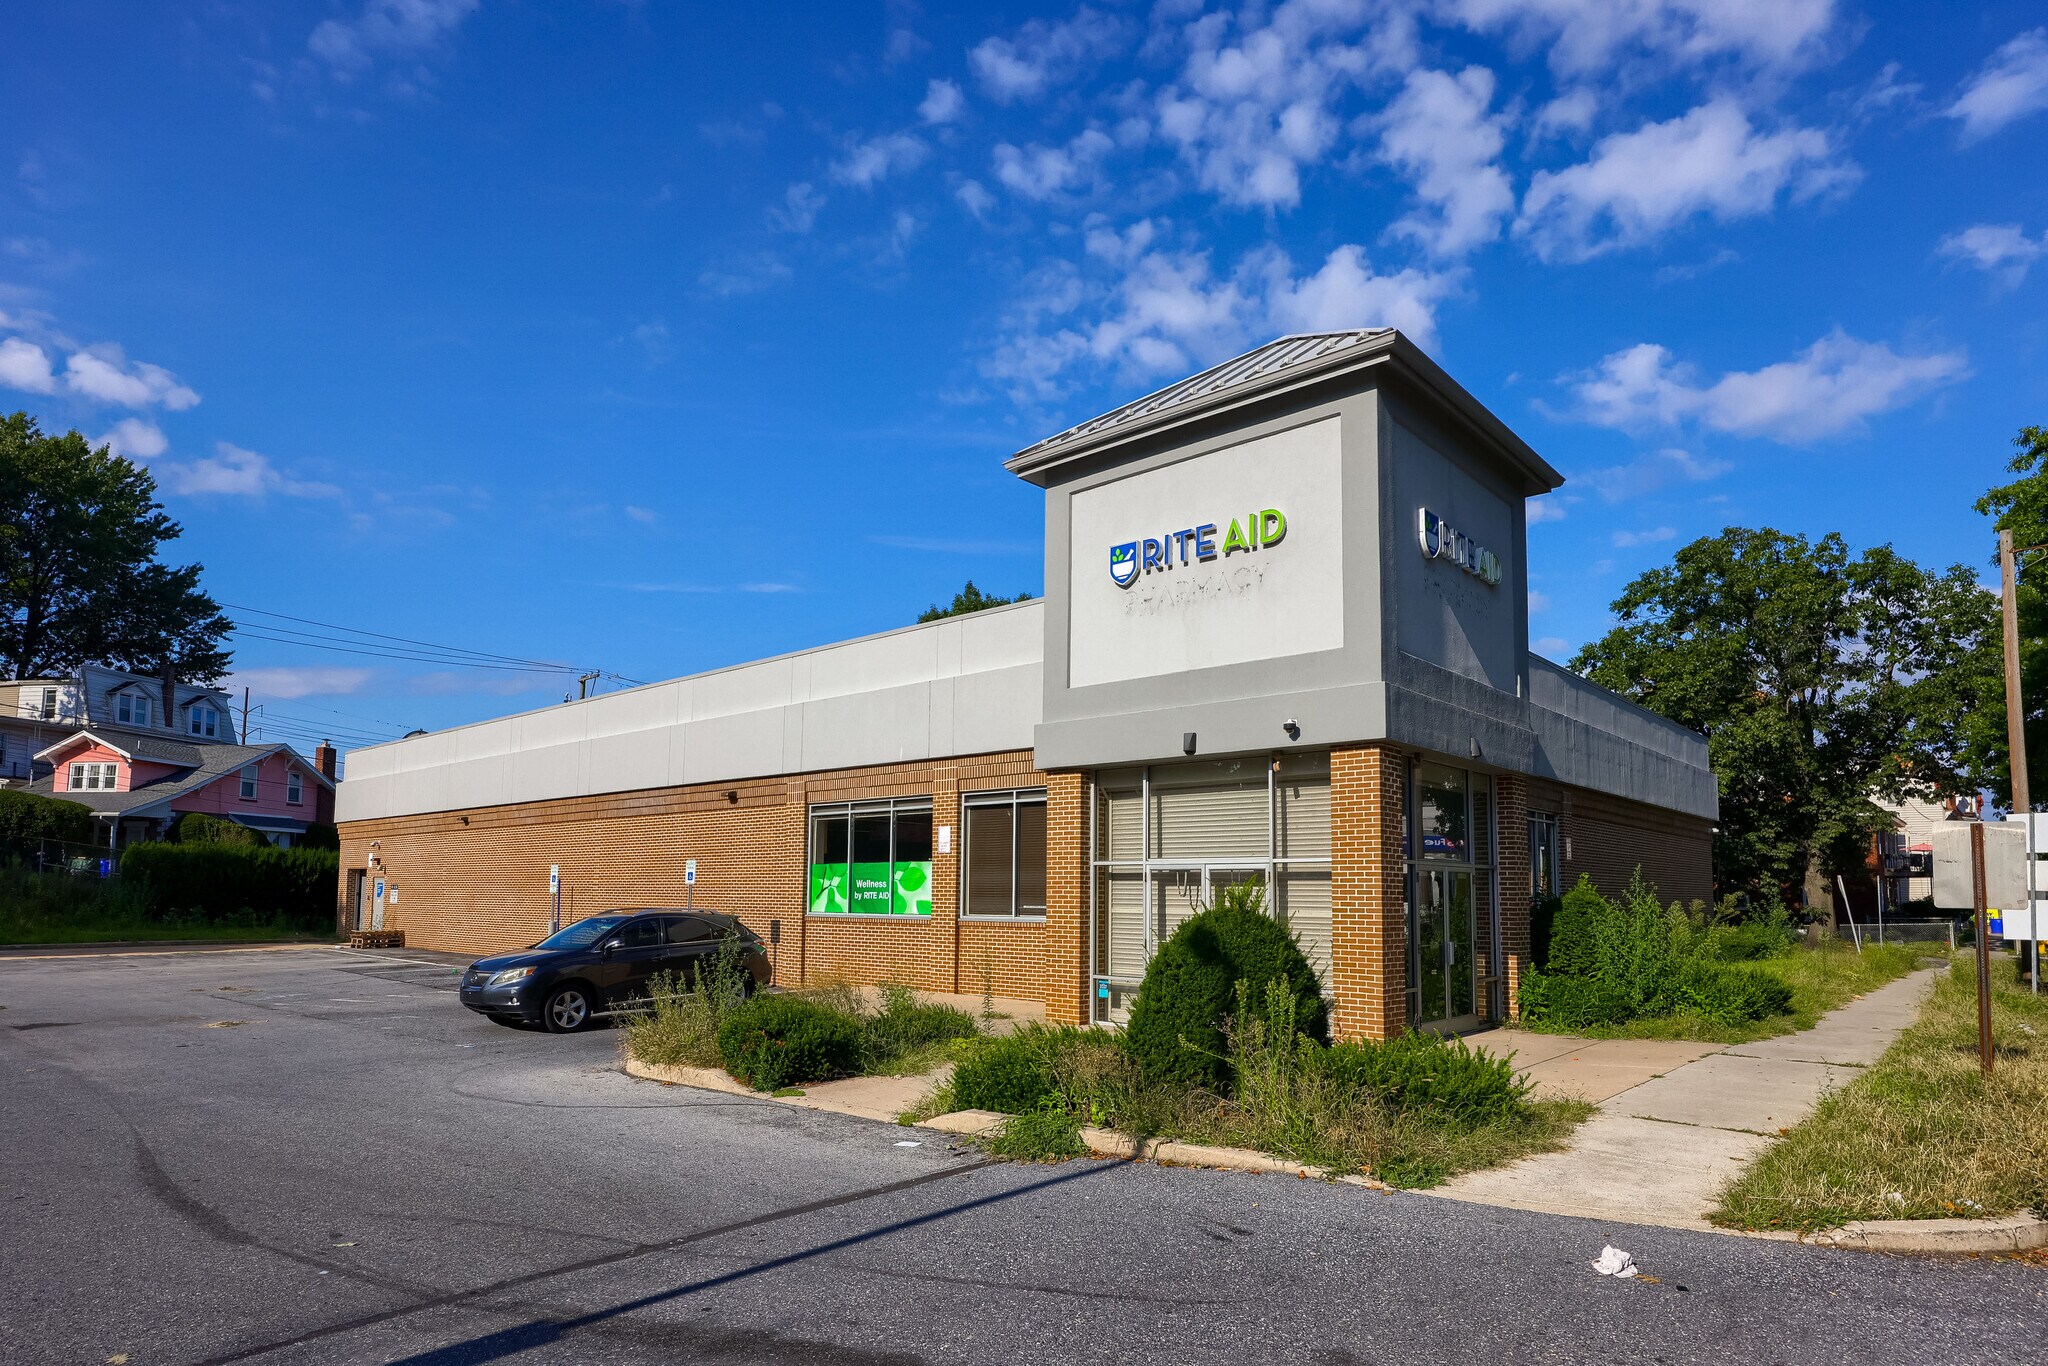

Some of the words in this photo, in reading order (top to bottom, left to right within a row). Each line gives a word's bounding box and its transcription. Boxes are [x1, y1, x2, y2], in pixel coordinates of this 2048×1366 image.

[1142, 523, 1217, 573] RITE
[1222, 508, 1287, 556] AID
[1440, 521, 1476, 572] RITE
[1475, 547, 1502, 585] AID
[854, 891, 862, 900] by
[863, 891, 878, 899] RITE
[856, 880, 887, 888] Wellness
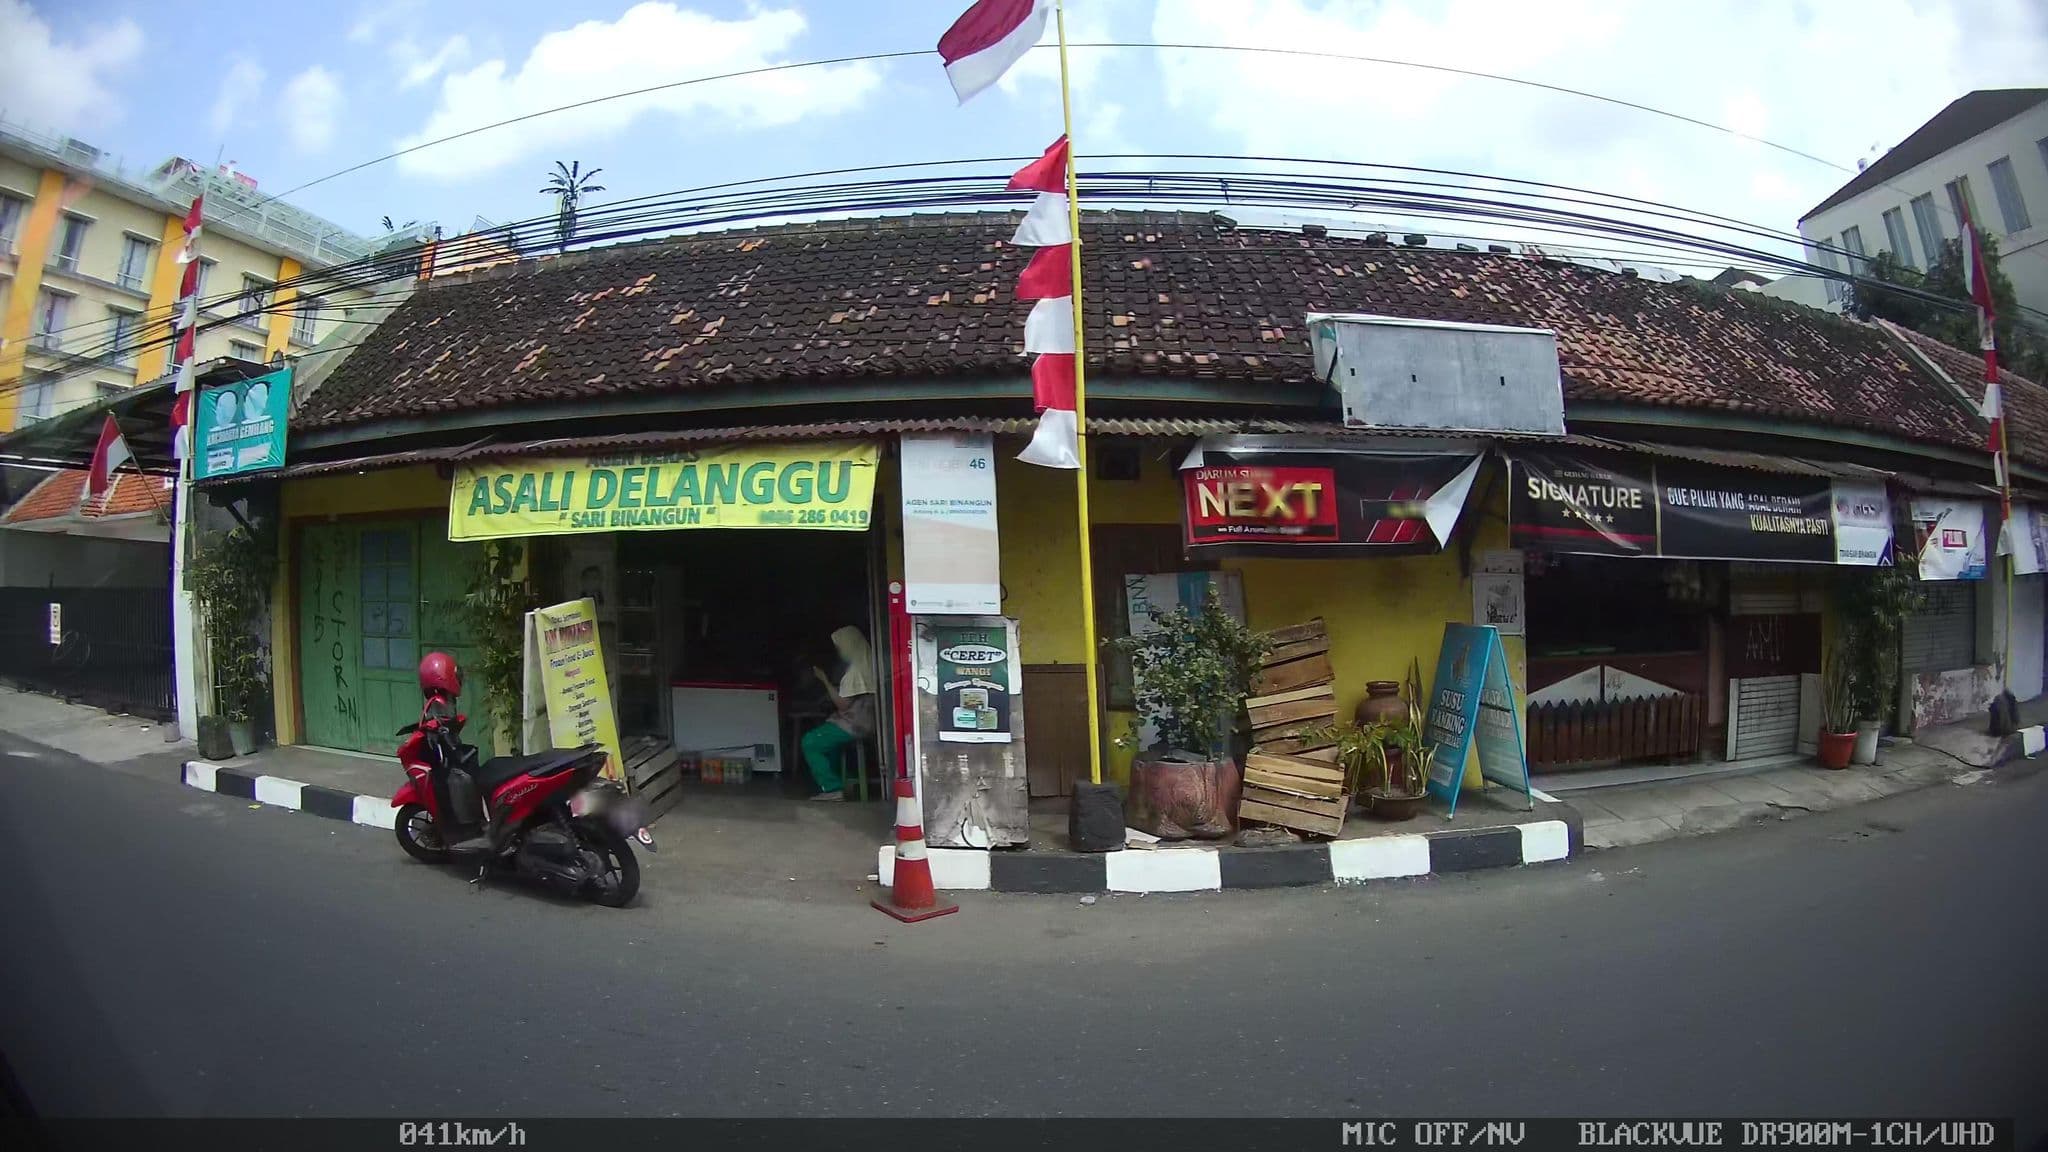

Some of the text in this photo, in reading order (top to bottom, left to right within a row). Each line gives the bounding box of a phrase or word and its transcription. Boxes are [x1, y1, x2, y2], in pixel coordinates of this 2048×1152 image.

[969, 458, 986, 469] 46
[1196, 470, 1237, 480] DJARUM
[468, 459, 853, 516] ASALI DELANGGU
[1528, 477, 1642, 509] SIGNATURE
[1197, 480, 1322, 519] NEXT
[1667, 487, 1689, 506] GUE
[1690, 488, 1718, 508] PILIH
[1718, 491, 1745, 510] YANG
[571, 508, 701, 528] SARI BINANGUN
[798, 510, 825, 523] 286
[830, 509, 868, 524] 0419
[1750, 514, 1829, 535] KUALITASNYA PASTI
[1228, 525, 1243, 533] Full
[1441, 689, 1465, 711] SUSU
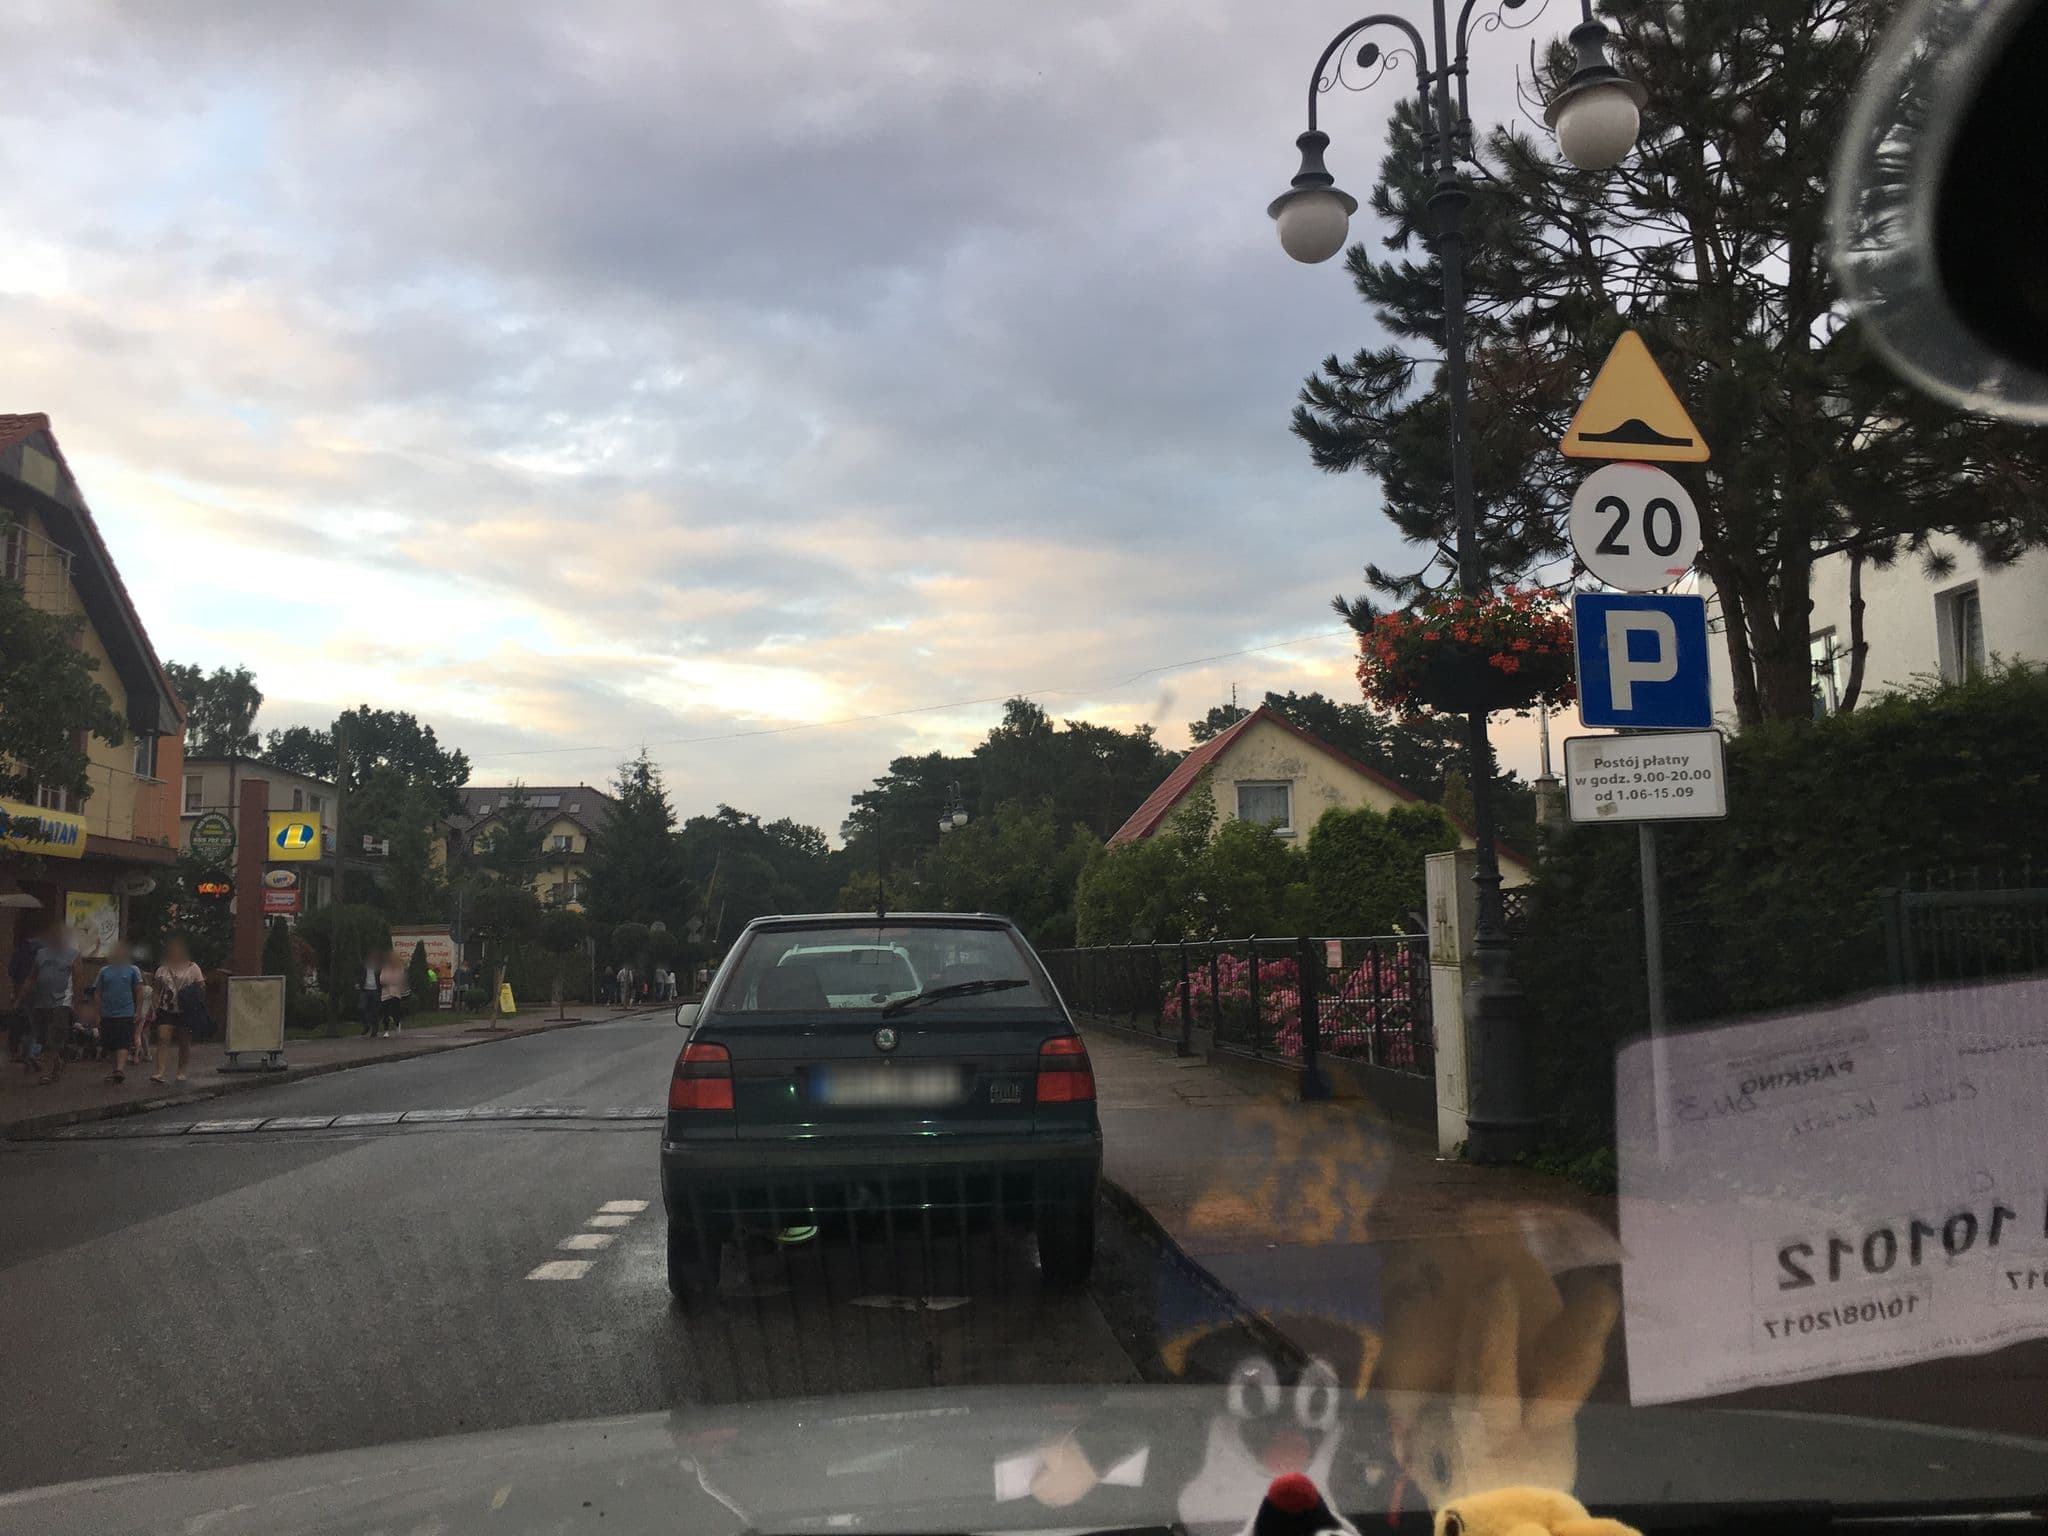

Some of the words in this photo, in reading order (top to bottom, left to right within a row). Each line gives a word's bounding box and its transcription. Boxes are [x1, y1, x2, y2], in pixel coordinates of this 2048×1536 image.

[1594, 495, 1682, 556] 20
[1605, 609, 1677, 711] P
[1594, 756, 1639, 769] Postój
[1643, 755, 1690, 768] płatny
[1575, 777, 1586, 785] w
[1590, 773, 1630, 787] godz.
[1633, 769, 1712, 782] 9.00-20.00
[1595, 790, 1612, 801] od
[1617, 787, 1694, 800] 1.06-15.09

What to produce: What is needed is an exact copy of all the data, with no images in it.

Written solution:
Some of the words in this photo, in reading order (top to bottom, left to right within a row). Each line gives a word's bounding box and its transcription. Boxes are [x1, y1, x2, y2], in pixel coordinates of this 2048×1366 image.

[1142, 523, 1217, 573] RITE
[1222, 508, 1287, 556] AID
[1440, 521, 1476, 572] RITE
[1475, 547, 1502, 585] AID
[854, 891, 862, 900] by
[863, 891, 878, 899] RITE
[856, 880, 887, 888] Wellness

Some of the text in this photo, in reading order (top to bottom, left to right within a row). Each line gives the bounding box of a phrase or word and its transcription. Boxes are [x1, y1, x2, y2], in pixel coordinates of this 2048×1152 image.

[969, 458, 986, 469] 46
[1196, 470, 1237, 480] DJARUM
[468, 459, 853, 516] ASALI DELANGGU
[1528, 477, 1642, 509] SIGNATURE
[1197, 480, 1322, 519] NEXT
[1667, 487, 1689, 506] GUE
[1690, 488, 1718, 508] PILIH
[1718, 491, 1745, 510] YANG
[571, 508, 701, 528] SARI BINANGUN
[798, 510, 825, 523] 286
[830, 509, 868, 524] 0419
[1750, 514, 1829, 535] KUALITASNYA PASTI
[1228, 525, 1243, 533] Full
[1441, 689, 1465, 711] SUSU

Some of the words in this photo, in reading order (top to bottom, left to right within a row). Each line gives a word's bounding box and its transcription. Boxes are [x1, y1, x2, y2], in pixel coordinates of this 2048×1536 image.

[1594, 495, 1682, 556] 20
[1605, 609, 1677, 711] P
[1594, 756, 1639, 769] Postój
[1643, 755, 1690, 768] płatny
[1575, 777, 1586, 785] w
[1590, 773, 1630, 787] godz.
[1633, 769, 1712, 782] 9.00-20.00
[1595, 790, 1612, 801] od
[1617, 787, 1694, 800] 1.06-15.09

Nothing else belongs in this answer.